Abstract

The in-person assumptions of social experience, of performances and performers of all sorts, was changed by the pandemic. From being high on the list of activities to shut down at the start to being amongst the last sanctioned to resume, the traditions of performance derived from centuries of practice took a beating. Accompanying this were alternatives to going dark. There were already substitutes for in-person theatrical experiences in films, games and images. New outlets included online presentations, revisiting recent (and older) recordings, TikTok challenges, internet performances, socially distanced work, the use of PPE in costume and character, shows on Zoom, positing new ways to engage with performance. Technological enhancement reduced distances between people, solutions were found to latency issues, training continued online, the quality of home cameras and sound improved, and a redistribution of who and how to perform, for how long and to what audience with what skills and in what location emerged to reassert the sense of performance and reset the context.
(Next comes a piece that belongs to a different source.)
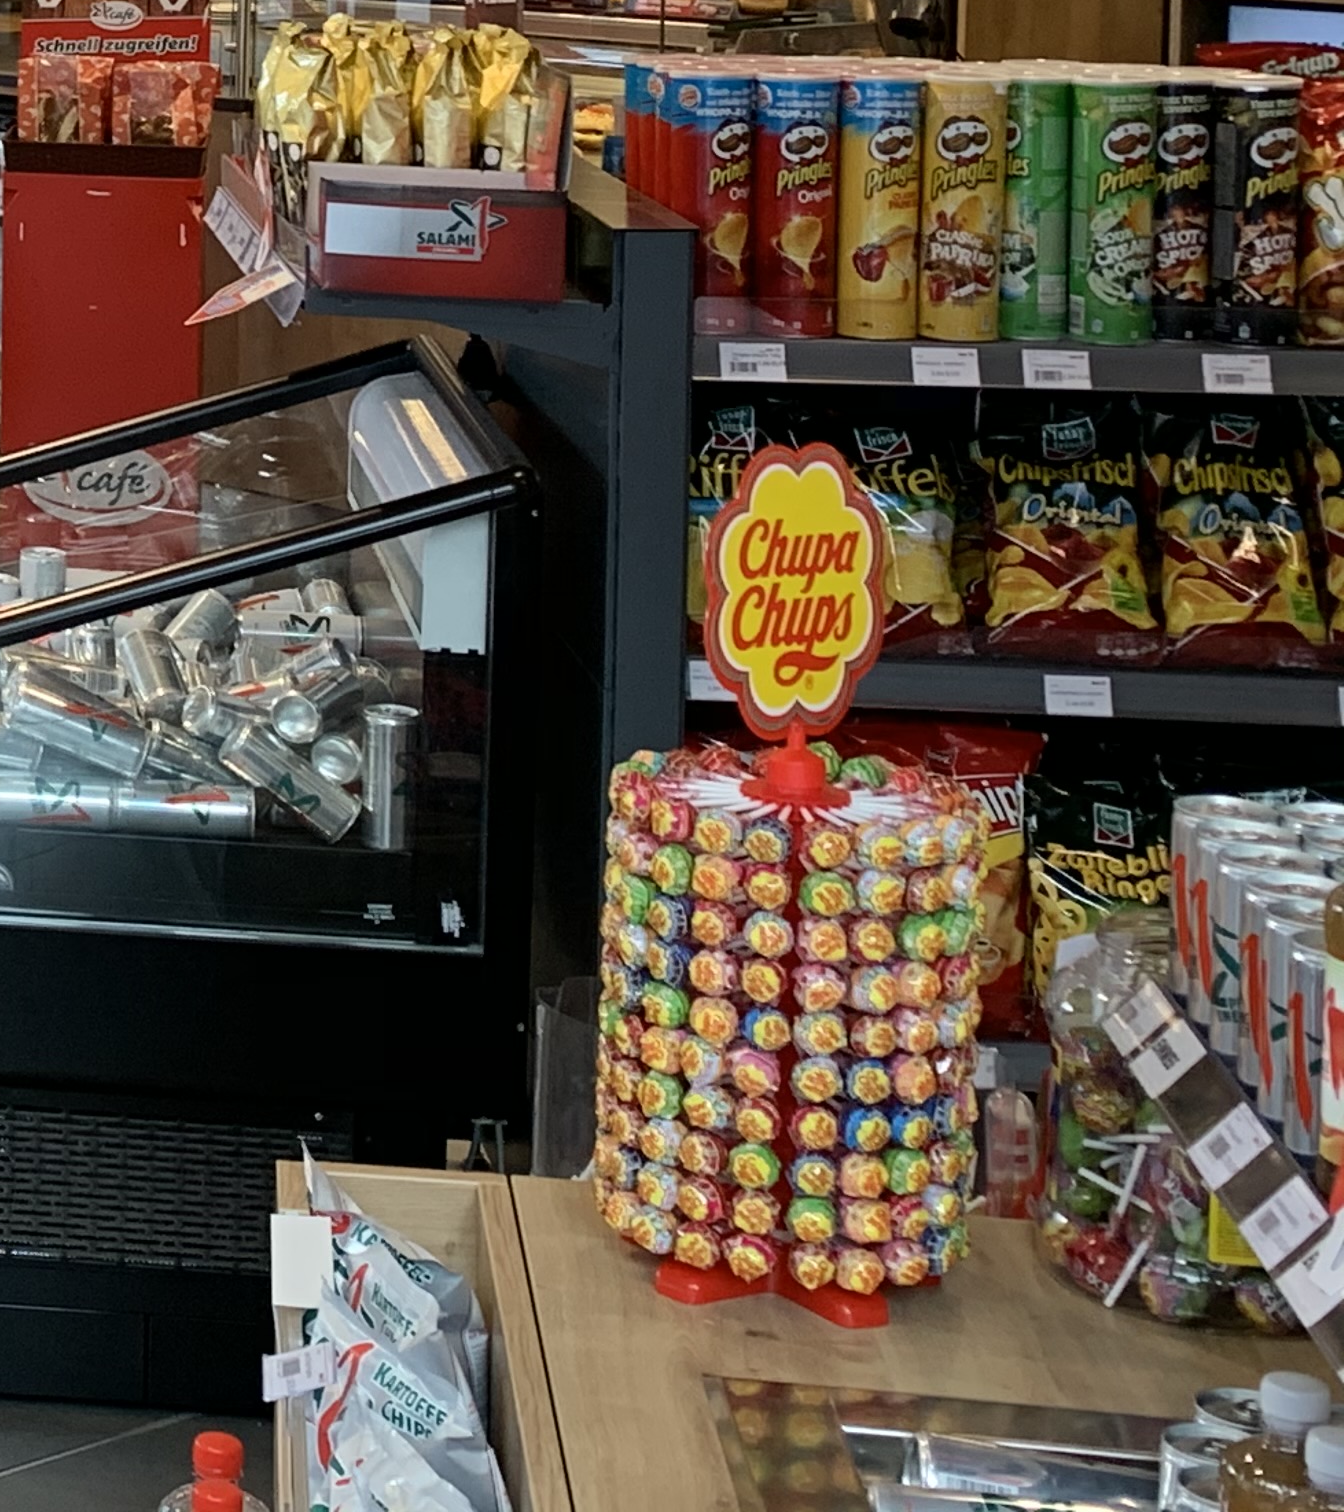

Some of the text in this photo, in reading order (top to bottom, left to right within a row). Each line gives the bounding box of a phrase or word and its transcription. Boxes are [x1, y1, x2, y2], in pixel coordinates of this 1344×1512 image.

The resulting collection in this volume is an account of the variety of ways the pandemic affected the concept of performance. Time will tell whether the strategies and devices resorted to and collected here will sweep away centuries of traditional performance, whether they will find themselves incorporated into that tradition or if they will branch off on their own. But there is no doubting the imagination applied, not just in these examples but in many more worthy of collection. The instinct to make and perform was not snuffed out by the pandemic and its lockdowns, that the acts of creativity seen here are as essential to cultural continuity as finding a vaccine.